In their well-known feminist text, The Madwoman in the Attic (1979), Gilbert and Gubar reference a long history of association between authorship and patriarchy in traditional hegemonic culture (indeed, the pen acts as a phallic symbol). This transgressive act eventually inspires Nora to reject patriarchal authority, that which defines the moral codes and public laws to which she is subjected by her husband. As Joan Templeton notes, ‘The witty title of Granville-Baker’s essay “The Coming of Ibsen”, suggesting the “coming of doom,” perfectly characterizes the apocalyptic effect of A Doll’s House on the English Victorian mind.
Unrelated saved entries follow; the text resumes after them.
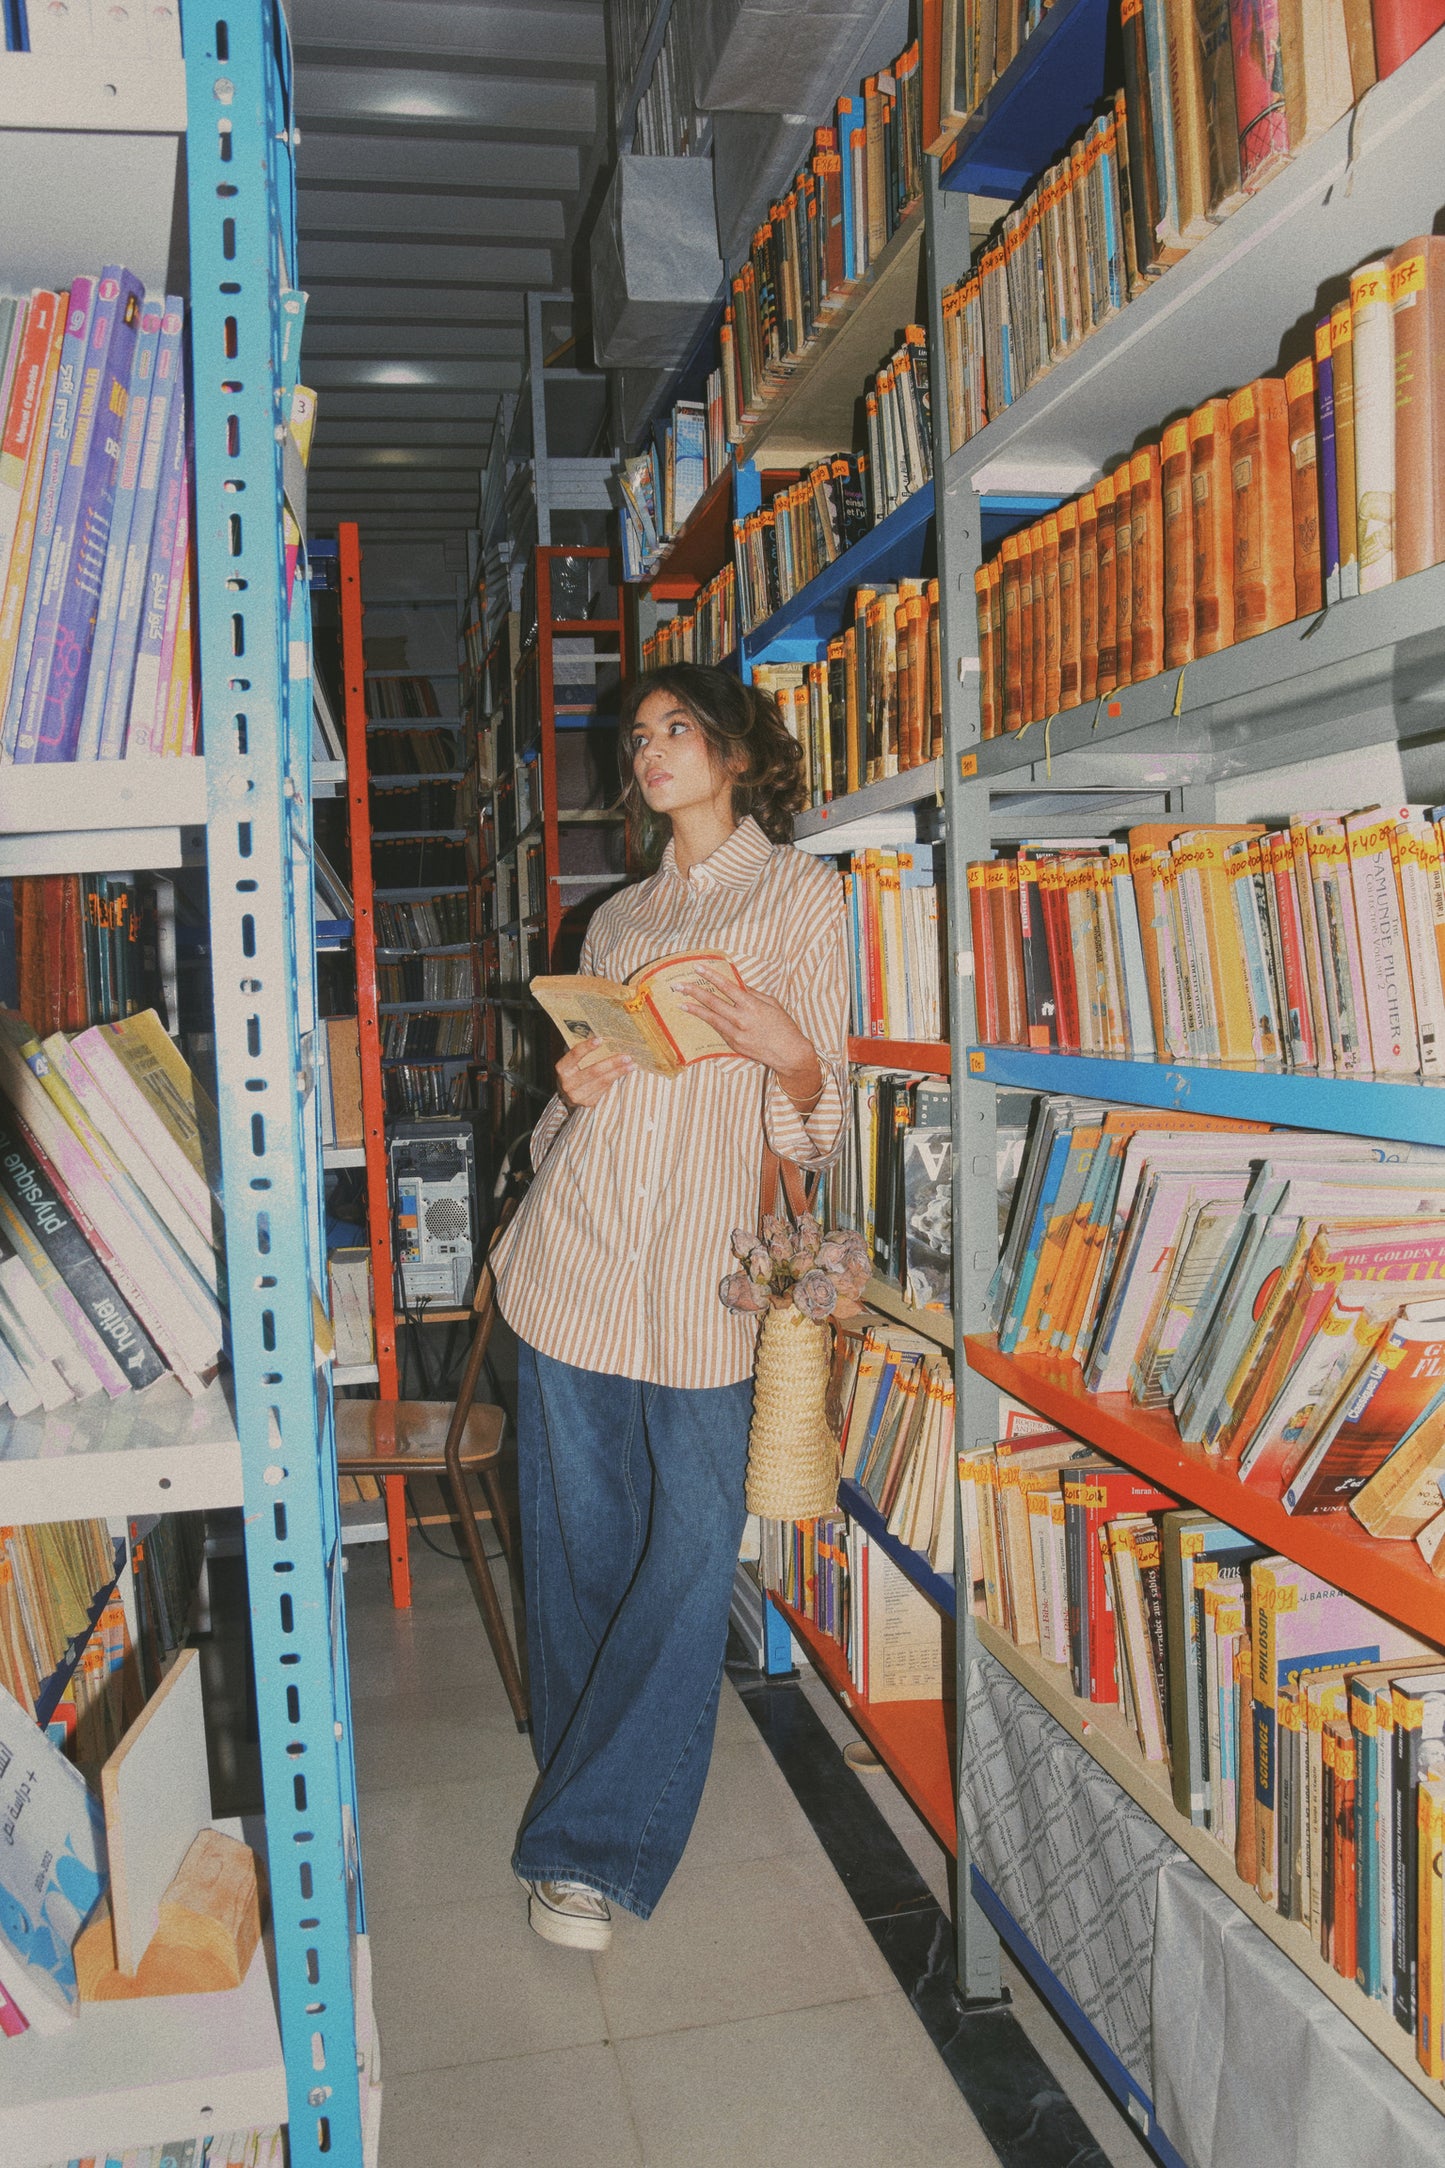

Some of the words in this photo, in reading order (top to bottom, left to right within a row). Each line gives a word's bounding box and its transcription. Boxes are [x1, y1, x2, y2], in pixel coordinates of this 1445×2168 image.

[1383, 955, 1402, 1039] PILCHER
[3, 1152, 67, 1236] physique
[1373, 1247, 1433, 1263] GOLDEN
[91, 1297, 137, 1351] hatier
[1346, 1377, 1380, 1422] Classiques
[1131, 1486, 1152, 1495] Imran
[1037, 1537, 1047, 1569] Testament
[1147, 1570, 1159, 1598] sables
[1041, 1598, 1051, 1623] Bible
[1153, 1601, 1162, 1617] aux
[1258, 1721, 1270, 1790] SCIENCE
Ibsen was accused of not merely advocating the destruction of the family, and with it, morality itself, but a kind of godless androgyny; women, in refusing to be compliant, were refusing to be women’.[9] Indeed, whilst critics such as August Strindberg viewed Nora as unwomanly, years later, Freudian criticism considered her abnormal. Thus, Ibsen, through Nora, was frequently accused of opposing nineteenth-century moral values, as well as the sanctity of marriage, which followed the ‘two spheres’ philosophy; an authority which defines the ideal of marriage as based on the subordinate wife.
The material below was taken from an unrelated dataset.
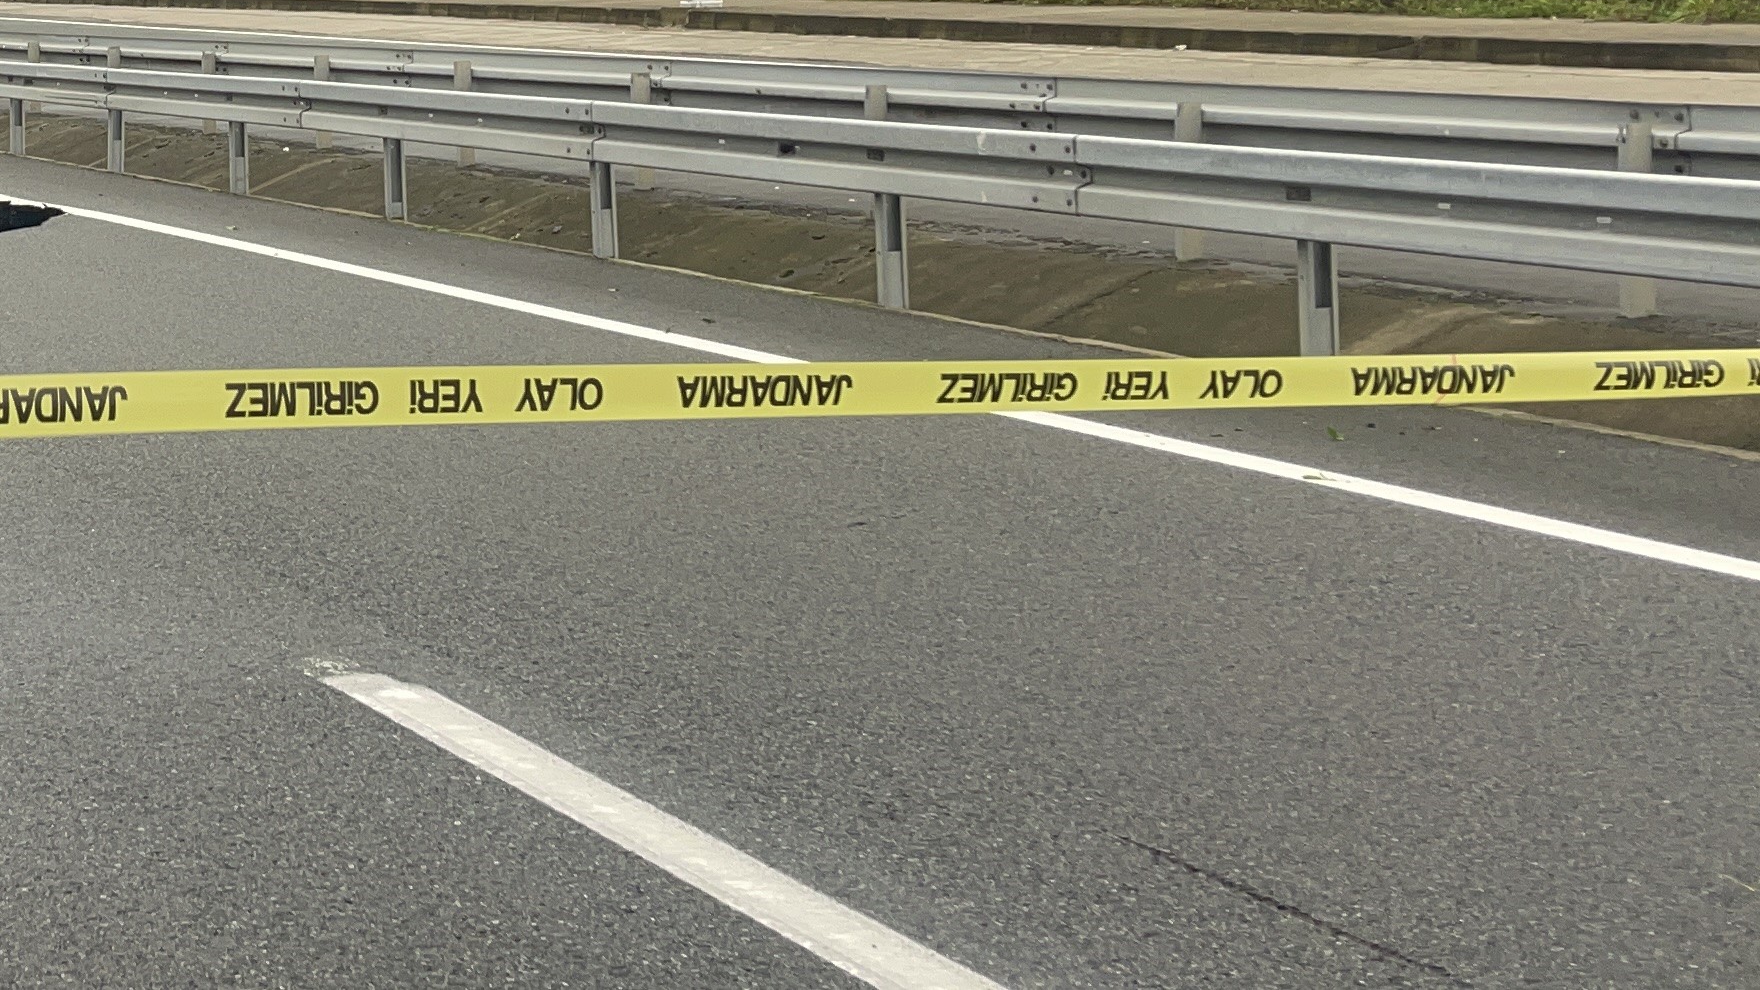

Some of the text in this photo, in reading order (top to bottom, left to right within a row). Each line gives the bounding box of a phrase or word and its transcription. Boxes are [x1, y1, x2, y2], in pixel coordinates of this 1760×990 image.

[515, 378, 605, 414] OLAY
[677, 375, 854, 410] JANDARMA
[1199, 370, 1285, 401] OLAY
[1351, 365, 1517, 398] JANDARMA
 Whilst the publication of Ibsen’s 1892 play The Master Builder faced less censorship than both A Doll’s House and Madame Bovary, the drama certainly questions nineteenth-century gender ideals and the institution of marriage. In act two, the conventional moral values of Ibsen’s nineteenth-century audience are enforced through reference to gender: ‘Solness: In the sagas you learn about Vikings who sailed to distant lands…Hilda: And captured women. Solness: – and kept them captive…and behaved with them like the – like the worst of trolls. Hilda: …I think that must have been thrilling…To be carried off’ (pp. 399-400).[10] As Penny Farfan observes, ‘whereas Nora’s plan after she slams the door on her doll’s house is to rethink “what’s written in books”, in The Master Builder, (Hilda Wangel) and Solness…represent their relationship in terms of the marauding men and willingly conquered women of the (Viking) sagas, suggesting that Ibsen saw archetypal gender roles as being deeply and indeed tragically inscribed in the modern imagination’.[11] Such irony, challenging the legitimacy of gender ideals, troubled Ibsen’s bourgeois audience; opposing established order was considered profoundly immoral.
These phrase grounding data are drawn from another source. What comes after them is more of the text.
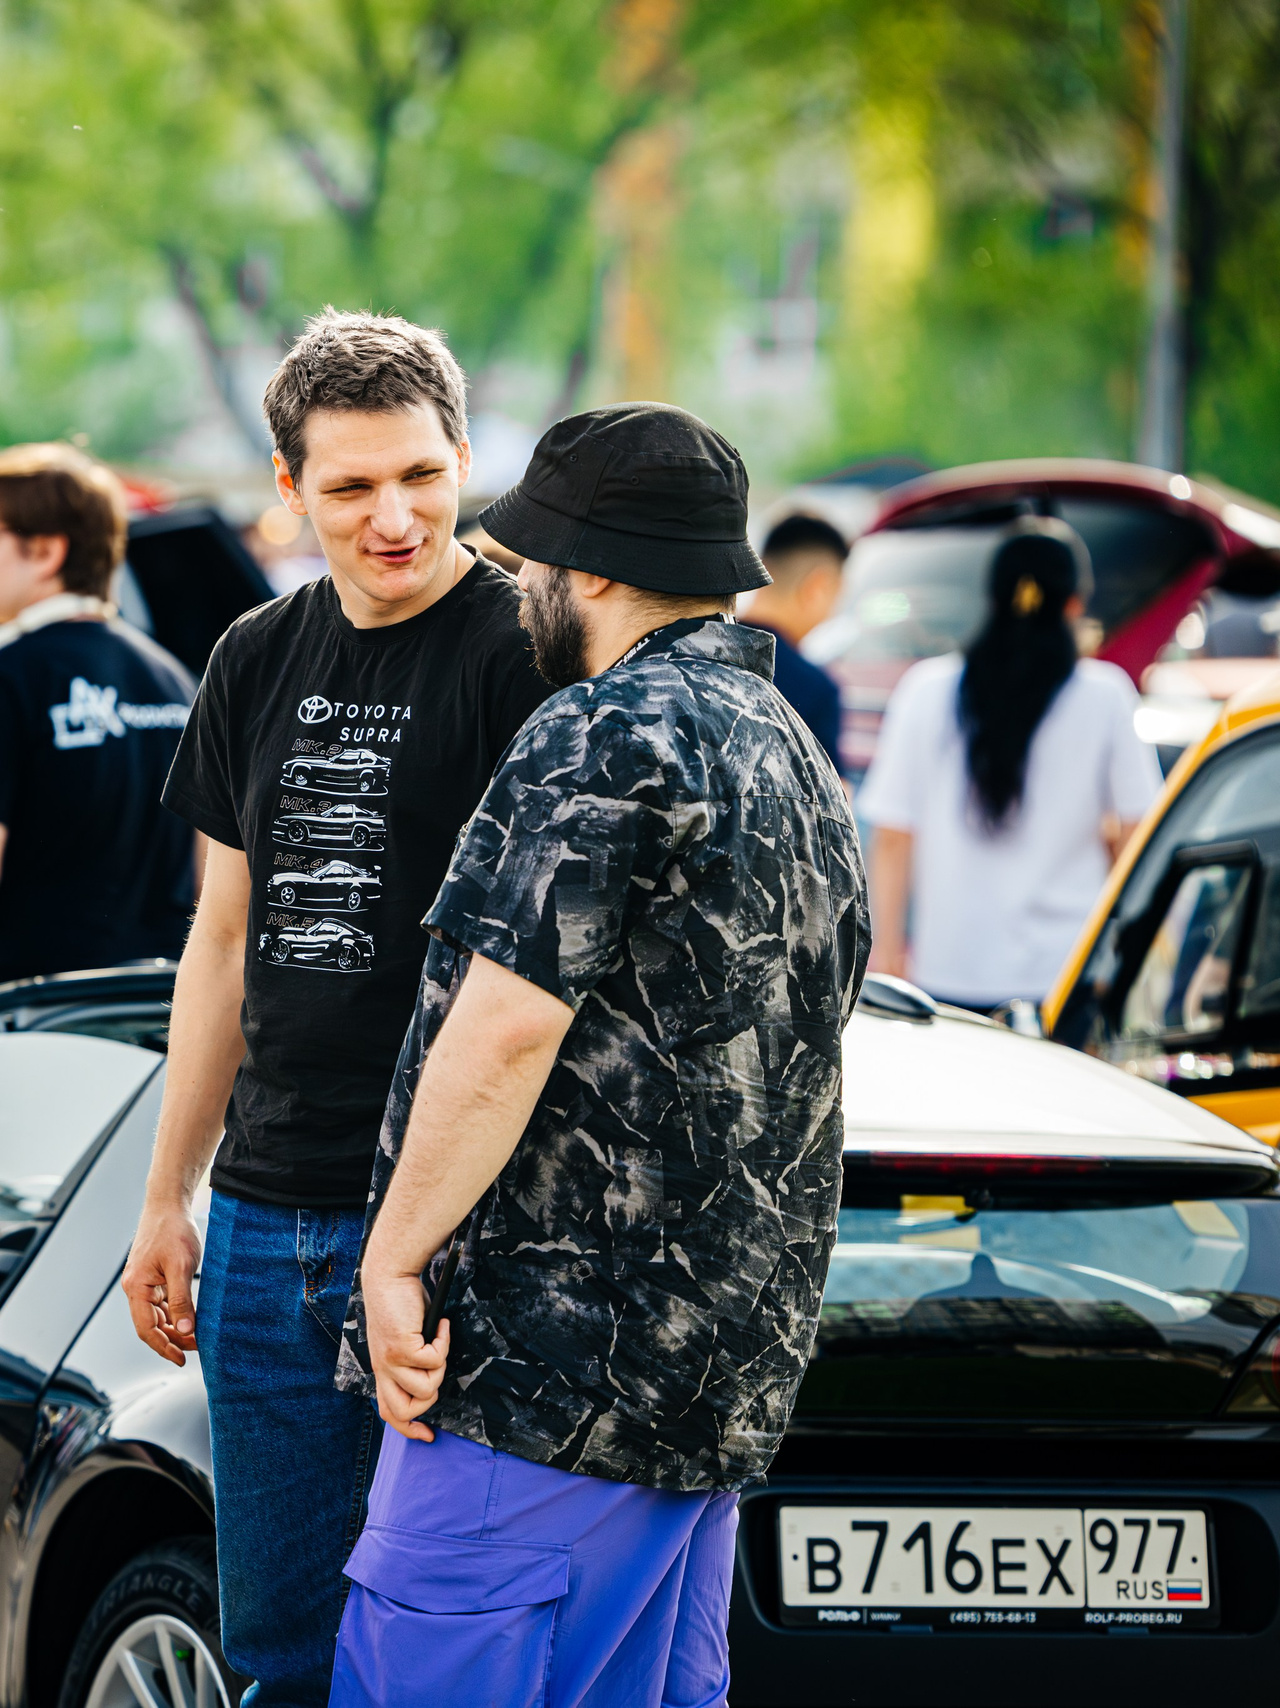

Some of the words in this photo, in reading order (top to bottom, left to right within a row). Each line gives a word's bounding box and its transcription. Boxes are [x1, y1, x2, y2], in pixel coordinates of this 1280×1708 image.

[333, 702, 412, 720] TOYOTA
[339, 727, 401, 743] SUPRA
[291, 738, 343, 757] MK.2
[280, 795, 332, 814] MK.3
[274, 852, 323, 870] MK.4
[266, 911, 316, 929] MK.5
[1088, 1518, 1185, 1575] 977
[1116, 1580, 1164, 1600] RUS
Mrs Solness attempts to uphold a religion of wifely duty (‘Only my simple duty’, p. 403) and blames the distance in her marriage and the death of her children on her failure to adhere to the duties of a wife and mother: ‘Mrs Solness: Yes, for I had duties on both sides. Both to you and to the little ones…if I had only had the strength!’ (p. 386). However, Farfan’s previous criticism is reductive: elsewhere in the play, as we will discover, Ibsen presents Hilda as transgressing this conventional gender ideal by controlling Solness. Also, Mrs Solness’s guilt at having broken society’s moral code is erroneous, as it was her overwhelming sense of duty that caused the death of her children. Thus, like Flaubert, Ibsen questions nineteenth-century moral values through realism in an unprecedented way, disturbing middle-class audiences and affecting the production of his dramas (through censorship and reinterpretations).

 Like Ibsen’s critics, Madame Bovary’s prosecution objected to Flaubert’s treatment of marriage and motherhood. The indictment of established gender ideals is present in both Madame Bovary and Ibsen’s plays: subordinated by her husband and eclipsed by the stereotype of motherhood, society will condemn Nora for leaving her family, whilst Mrs Solness’s devotion to duty and morality orchestrates the breakdown of her marriage. Emma’s reaction to motherhood caused public outrage and prompted censorship: ‘this idea of bearing a male child was like an anticipated revenge for all the powerlessness of her past life…At once passive and compliant, she had to contend with both the weakness of her body and the subjection imposed by the law…always there is desire inviting her on, and, always, convention holding her back’ (p. 79-80). Emma complies to the female role only as a refuge: she conceals her affair with Leon and the shock of Rodolphe’s betrayal in her forced solicitude, but this societal stereotype does not fulfil her for long.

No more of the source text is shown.